• WORK ITEM
Return the records word for word. Any pictures in them are not part of the copy.

======== MATERIAL PROVIDED ========

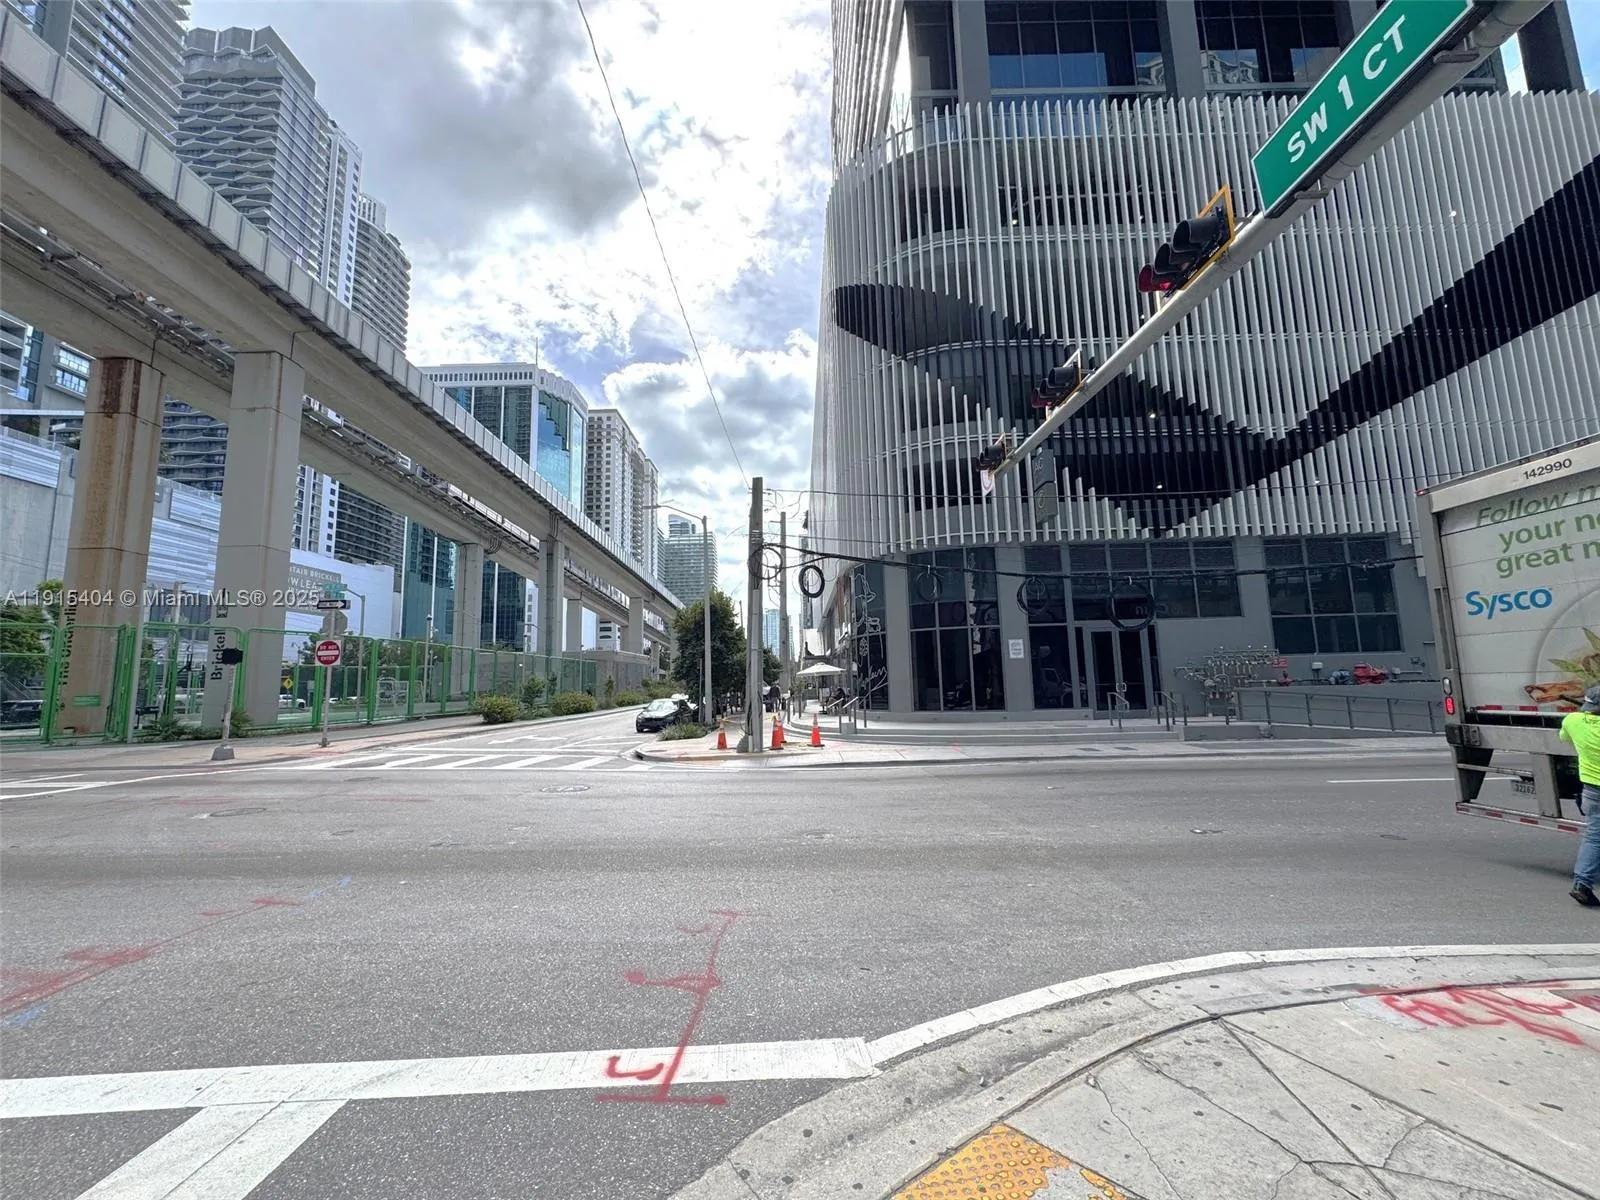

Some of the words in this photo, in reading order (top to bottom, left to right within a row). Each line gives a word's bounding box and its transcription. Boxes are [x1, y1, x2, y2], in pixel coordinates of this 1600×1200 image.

[1287, 101, 1328, 163] SW
[1337, 74, 1354, 111] 1
[1362, 14, 1407, 80] CT
[1523, 458, 1572, 479] 142990
[1476, 491, 1569, 527] Follow
[1499, 518, 1566, 554] your
[1496, 542, 1574, 579] great
[1466, 588, 1552, 620] Sysco
[210, 629, 226, 680] Brickell
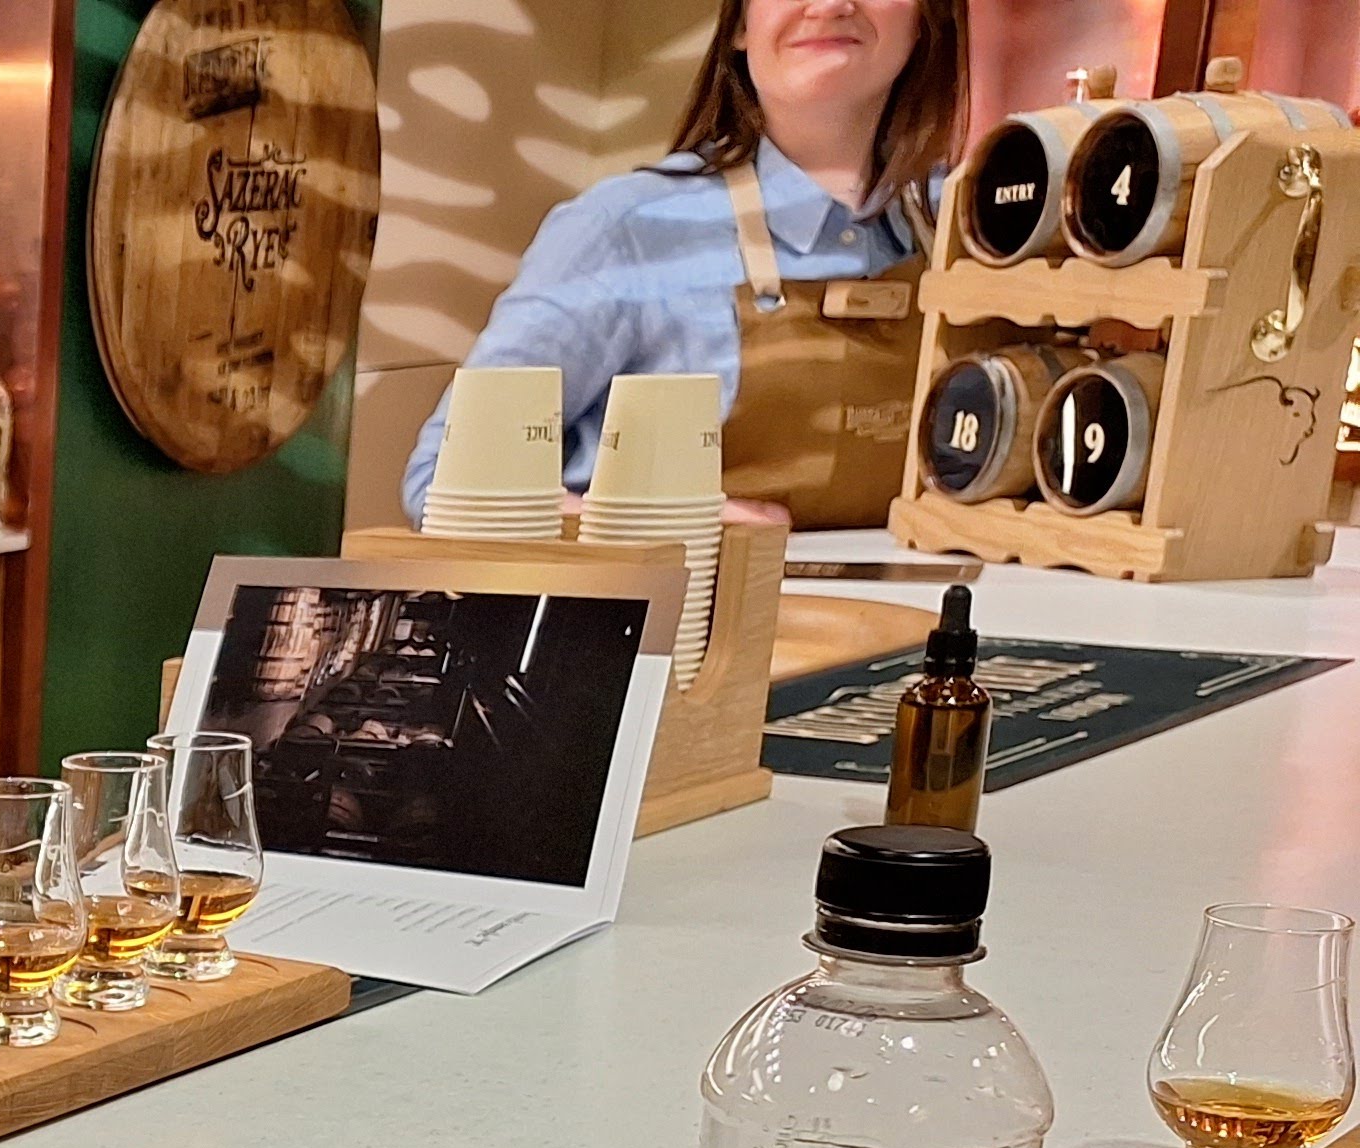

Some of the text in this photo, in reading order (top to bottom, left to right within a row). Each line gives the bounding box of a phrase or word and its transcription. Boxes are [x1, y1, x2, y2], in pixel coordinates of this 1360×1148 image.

[195, 148, 306, 240] SAZERAC
[994, 183, 1036, 205] ENTRY
[1110, 164, 1132, 206] 4
[226, 216, 281, 292] RYE
[949, 409, 979, 452] 18
[1084, 422, 1106, 464] 9

========

• SOLUTION
Some of the words in this photo, in reading order (top to bottom, left to right within a row). Each line gives a word's bounding box and its transcription. Boxes are [x1, y1, x2, y2], in pixel coordinates of this 1600×1200 image.

[1287, 101, 1328, 163] SW
[1337, 74, 1354, 111] 1
[1362, 14, 1407, 80] CT
[1523, 458, 1572, 479] 142990
[1476, 491, 1569, 527] Follow
[1499, 518, 1566, 554] your
[1496, 542, 1574, 579] great
[1466, 588, 1552, 620] Sysco
[210, 629, 226, 680] Brickell

Some of the text in this photo, in reading order (top to bottom, left to right within a row). Each line gives the bounding box of a phrase or word and its transcription. Boxes are [x1, y1, x2, y2], in pixel coordinates of this 1360×1148 image.

[195, 148, 306, 240] SAZERAC
[994, 183, 1036, 205] ENTRY
[1110, 164, 1132, 206] 4
[226, 216, 281, 292] RYE
[949, 409, 979, 452] 18
[1084, 422, 1106, 464] 9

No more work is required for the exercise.